The IWM workshop made a replica of a barrel bomb

“Keeping it simple was so important to us because it’s such a complex story that we didn’t want to overcomplicate it and overwhelm our visitors within huge numbers of objects. But in addition to these objects we have introduced an immersive film, which really gets under the skin of the conflict and explains how it all started with the Arab Spring and explains the complexities of the different groups that are involved.”

The film has been created by Liminal who specialise in factual films and runs for eight minutes giving visitors an overview of what the conflict is all about. Another key element to the exhibition are the photographs of Russian Pulitzer prize-winning photojournalist Sergey Ponomarev. His A Lens on Syria, is an extensive series of photographs addressing the consequences of the Syria conflict. His work on display is split into two topics: Assad’s Syria (2013-2014), which offers a rare insight into what life was really like for people living in Government-controlled areas of Syria and Exodus (2015-2016), which documents the determination, endurance and suffering of people from Syria and elsewhere who sought asylum and a better life in Europe.

An immersive film explains how the war started

“The photographs really capture the moment and I think using that artistic and photographic means of exploring the story gives our visitors real insight as to what’s going on.”

There is also a BBC news feed within the exhibition, which relays the latest news on Syria so visitors are updated on the current situation while also learning about the origins and background to the conflict, which has now lasted longer than the Second World War.

“What we are trying to do is tell the story of how this war came about and the big picture of what’s going on. We also have on our website videos which our co-curator Chris Philips talk to camera answering some basic questions about what’s going on in Syria and how the UK is involved. So if there was a major change in events we could update the videos and include them in that series.”

The wider impact of the war is reflected in the programming the IWM has produced around the exhibition including a Conflict Café. The first Conflict Café took place on 17 February with people invited to attend who had a direct experience of Syria, such as refugees, nationals, aid workers and journalists. This gives visitors the opportunity to talk to them one-on-one. Within the exhibition there are also case studies, which tell the experiences of people who have been impacted by the war.

I Swear to Tell the Truth 

Opening today (15 March) on the seventh anniversary of conflict is an exhibition I Swear to Tell the Truth created by Anagram and commissioned by Imperial War Museums.

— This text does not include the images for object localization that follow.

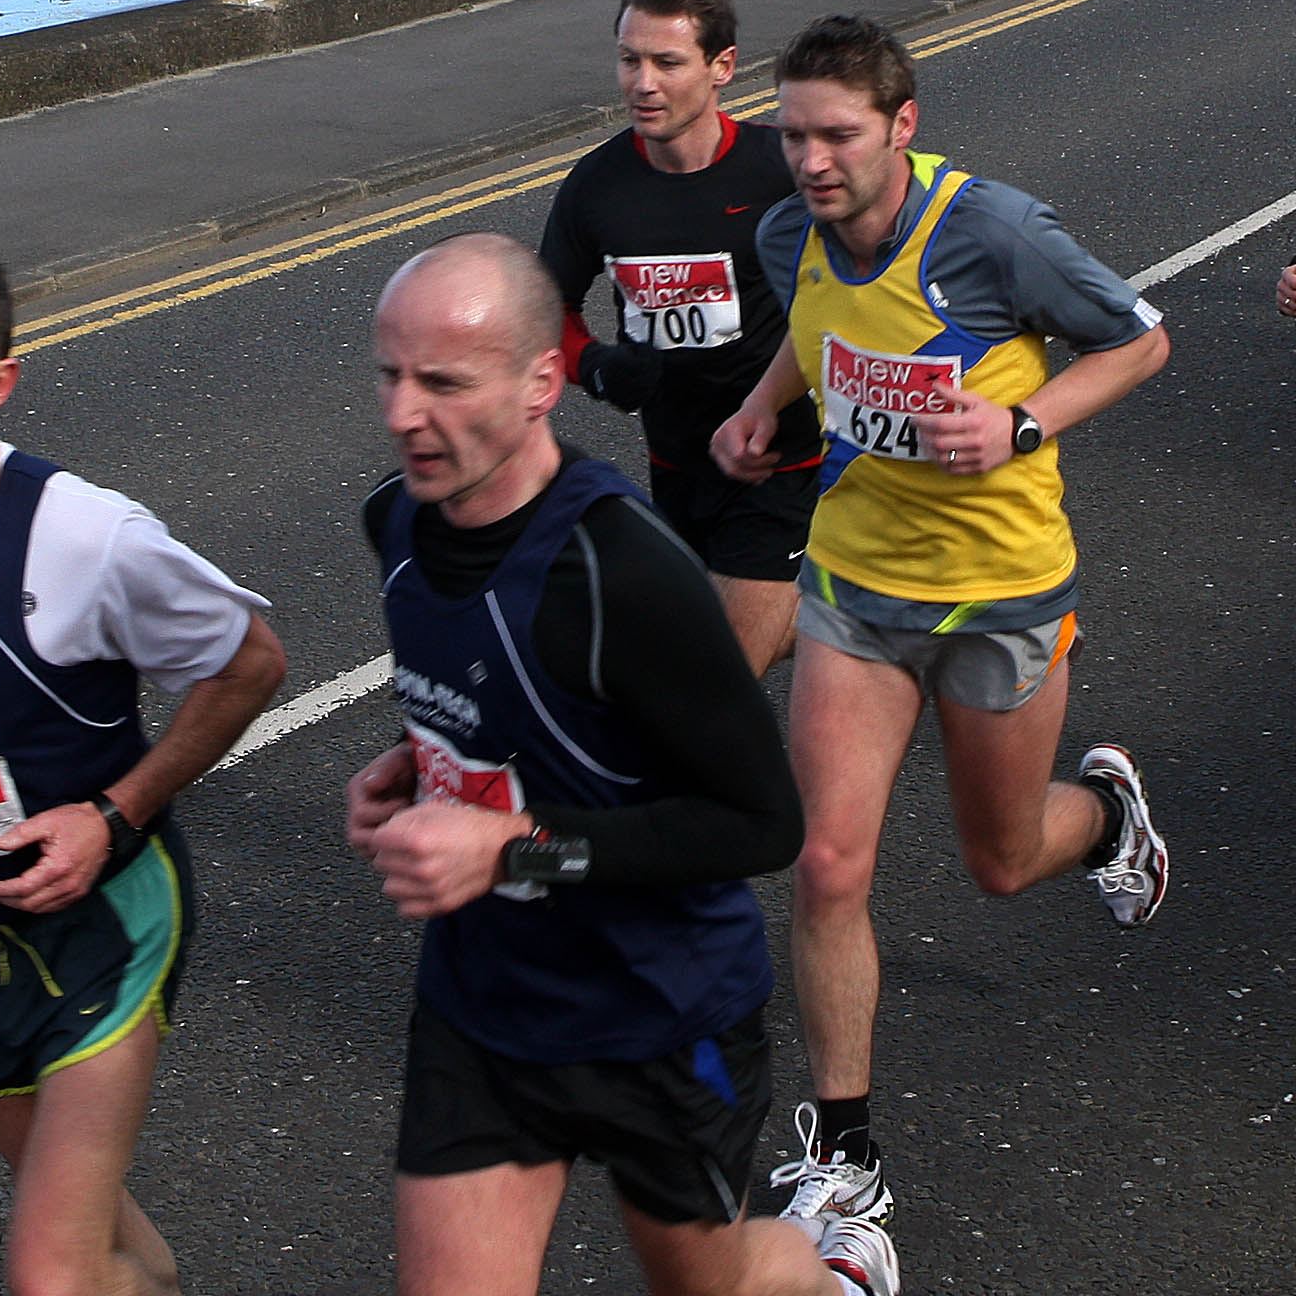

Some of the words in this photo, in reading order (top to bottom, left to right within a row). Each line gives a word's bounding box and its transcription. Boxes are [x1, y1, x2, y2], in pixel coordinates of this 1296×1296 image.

[638, 263, 692, 285] new
[642, 305, 705, 345] 700
[831, 361, 946, 412] balance
[854, 354, 912, 385] new
[849, 405, 919, 458] 624

This positions the Syrian Civil War as the world’s first conflict to be screened on YouTube much the same as the Vietnam War was considered to be the first conflict on television. The exhibition will explain how the number of minutes uploaded to YouTube exceeds the number of real-time minutes which have passed since the conflict began.

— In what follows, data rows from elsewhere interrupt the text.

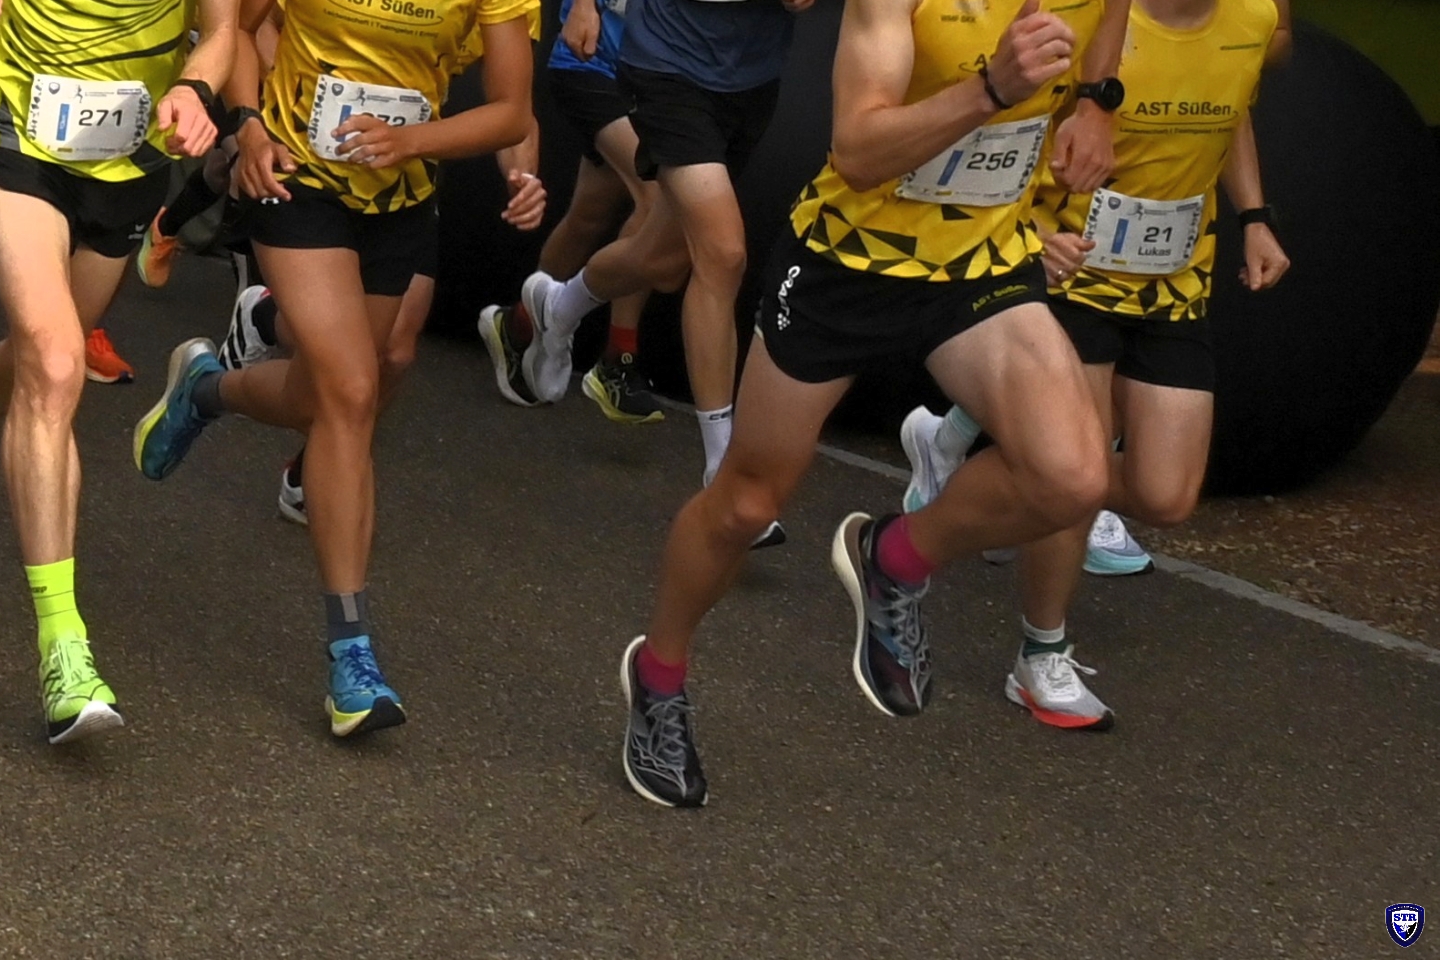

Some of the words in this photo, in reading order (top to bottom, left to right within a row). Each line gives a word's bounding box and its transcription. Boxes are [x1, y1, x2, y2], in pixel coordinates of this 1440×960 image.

[1134, 101, 1173, 116] AST
[1177, 101, 1231, 116] Süßen
[78, 109, 123, 126] 271
[966, 149, 1019, 171] 256
[1143, 226, 1173, 243] 21
[1138, 246, 1172, 256] Lukas
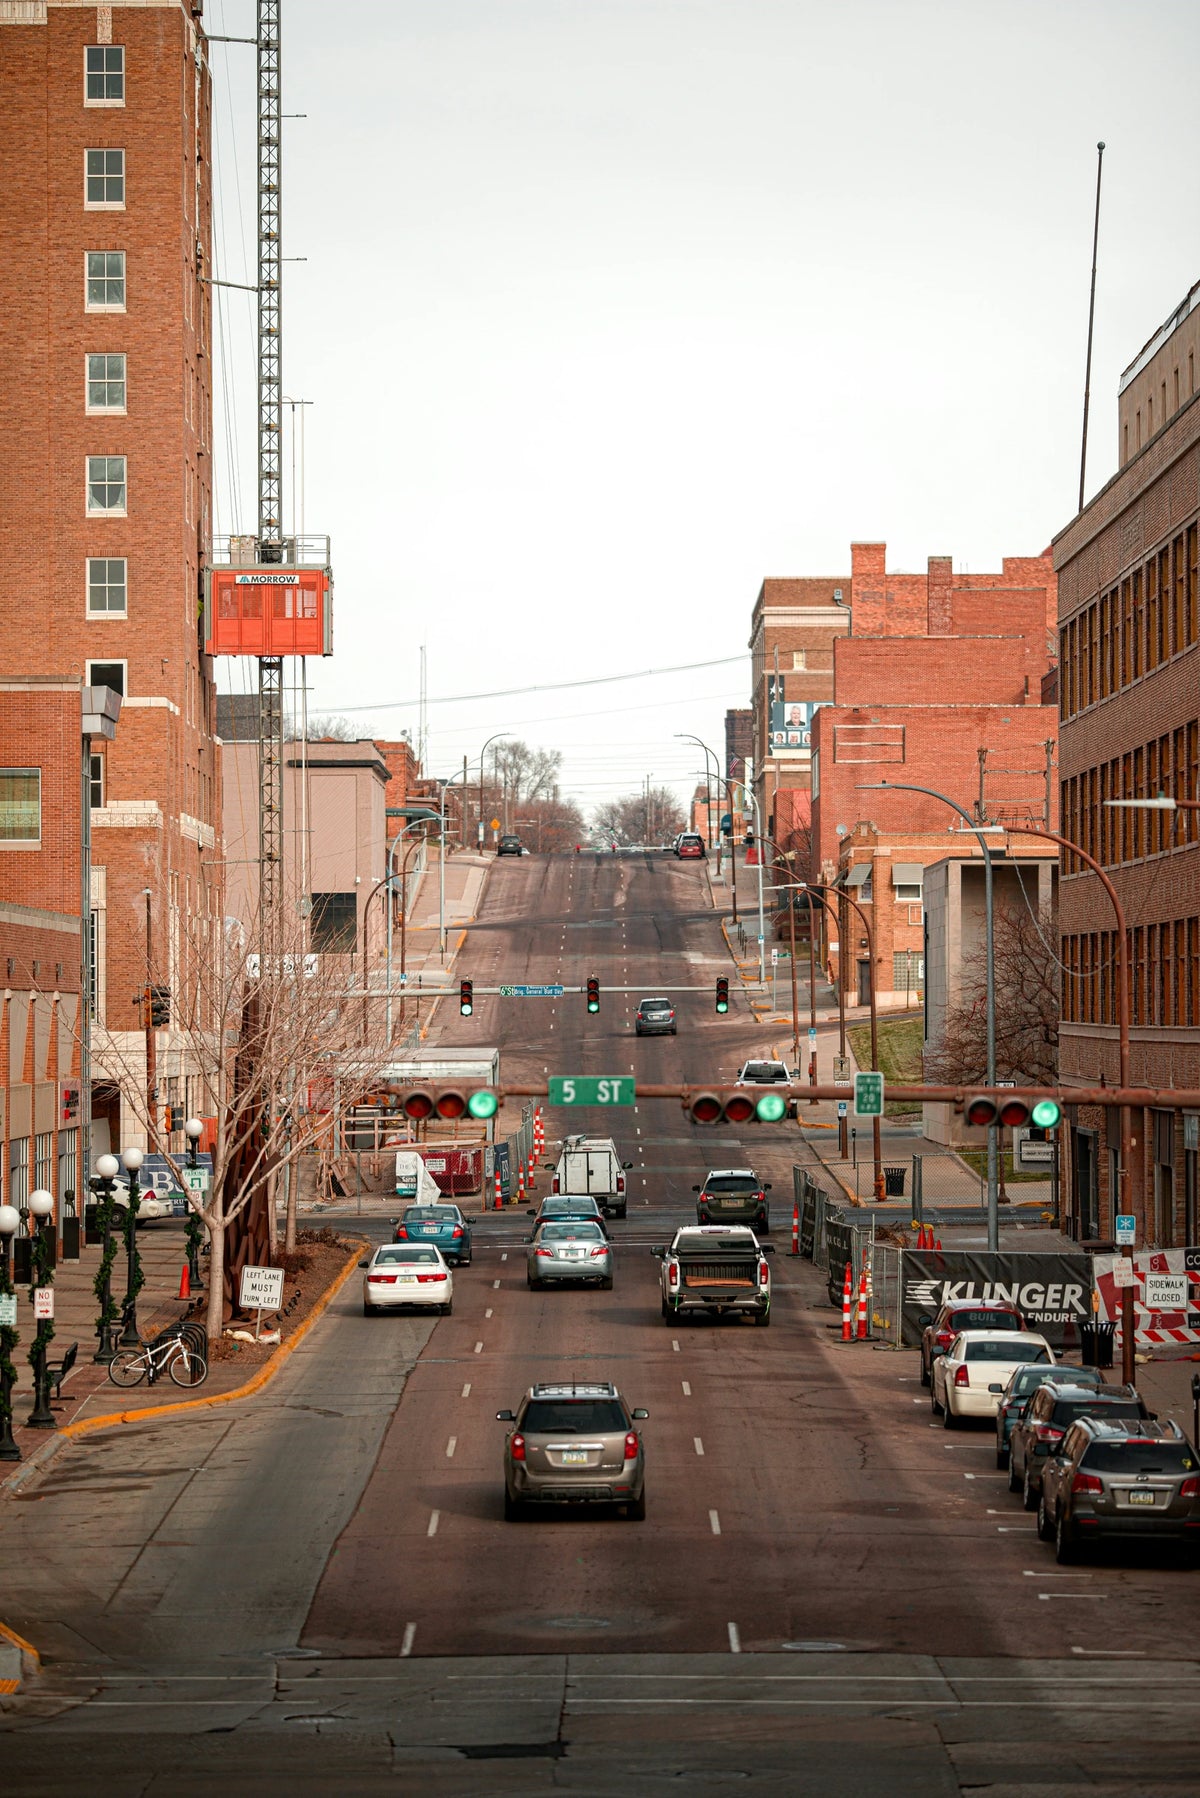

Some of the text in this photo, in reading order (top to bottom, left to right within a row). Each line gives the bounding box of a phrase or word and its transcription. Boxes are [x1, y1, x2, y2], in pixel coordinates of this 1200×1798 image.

[563, 1080, 622, 1103] 5 ST
[251, 1283, 272, 1292] MUST
[1149, 1280, 1184, 1289] SIDEWALK
[1153, 1293, 1181, 1302] CLOSED
[1028, 1313, 1078, 1322] ENDURE

Anagram invite visitors to IWM North to actively and intimately think about how to make sense of what we hear from Syria. Taking evidence from specific events during the battle of Aleppo in late 2016, this experience asks: is confusion a weapon being used to stop the international community from acting; who controls the fog of war? From exposing the algorithms of media moguls to grappling with our cloudy internal prejudice, I Swear to Tell the Truth is a thought-provoking experience inviting you to inspect how social and information networks have affected your perception of the world we live in, and your place in it.

“At the IWM we have what is called our Global Citizenship Remit: we want to give our visitors the tools to understand what is going on in the world today and what’s going on around them, and part of that is giving historical perspective. When it’s something contemporary like the war in Syria we really want to enable understanding. I think that that is what we have achieved and is shown in the evaluation from the London run. People came out having a better understanding of what is going on in Syria and the feedback suggested that it made them think in more depth about particular aspects of it.”

Syria: A Conflict Explored runs until 28 May and the second and final Conflict Café will take place on 5 May.